There are many other cleantech-focused incubators and accelerators across the country.
As new as cleantech is, it is also arguably the most rapidly evolving segment of the venture capital industry. This is because the problems are so immense and there are so many different sciences and knowledge-bases that can be brought to bear in solving them. Indeed, just as cleantech emerged as an alternative to fossil fuels, now that the deleterious aspects of some cleantech have been determined, innovations that can serve as alternatives to the first generation of cleantech are rapidly being deployed.

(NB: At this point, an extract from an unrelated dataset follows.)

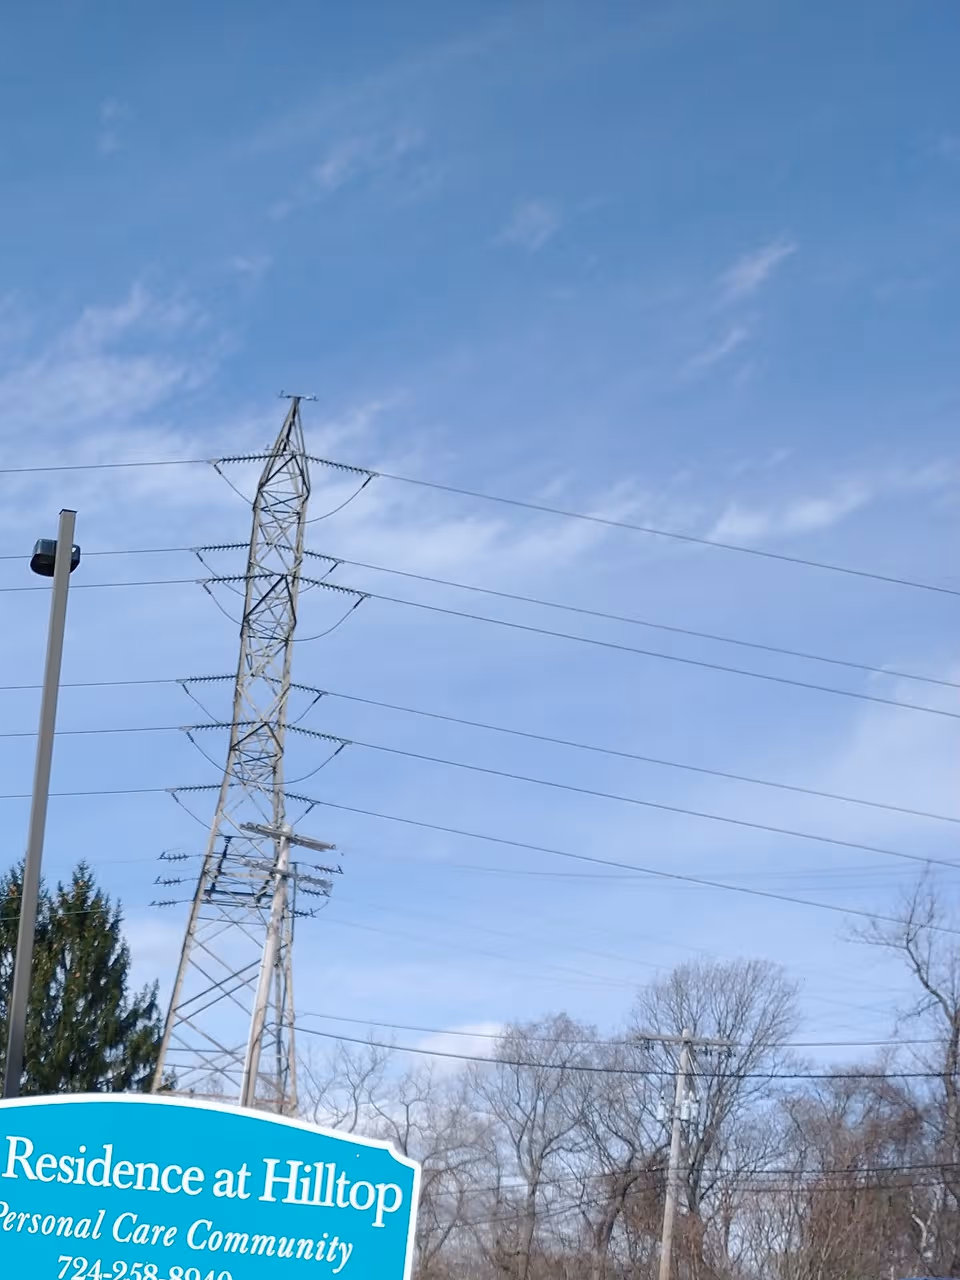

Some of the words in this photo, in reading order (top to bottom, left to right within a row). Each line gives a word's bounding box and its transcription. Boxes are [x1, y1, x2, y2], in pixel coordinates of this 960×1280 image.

These innovations are increasingly anchored in the new materials revolution and make use of the principles of the circular economy with industrial and agricultural waste being harnessed for commercial and environmental benefit. These innovations will require continued investment from the venture capital community because the climate crisis is not going away anytime soon. According the International Renewable Energy Agency, global cleantech investment of at least $150 trillion is needed by 2050 to stay within the 1.5-degree temperature increase threshold recommended by the Intergovernmental Panel on Climate Change.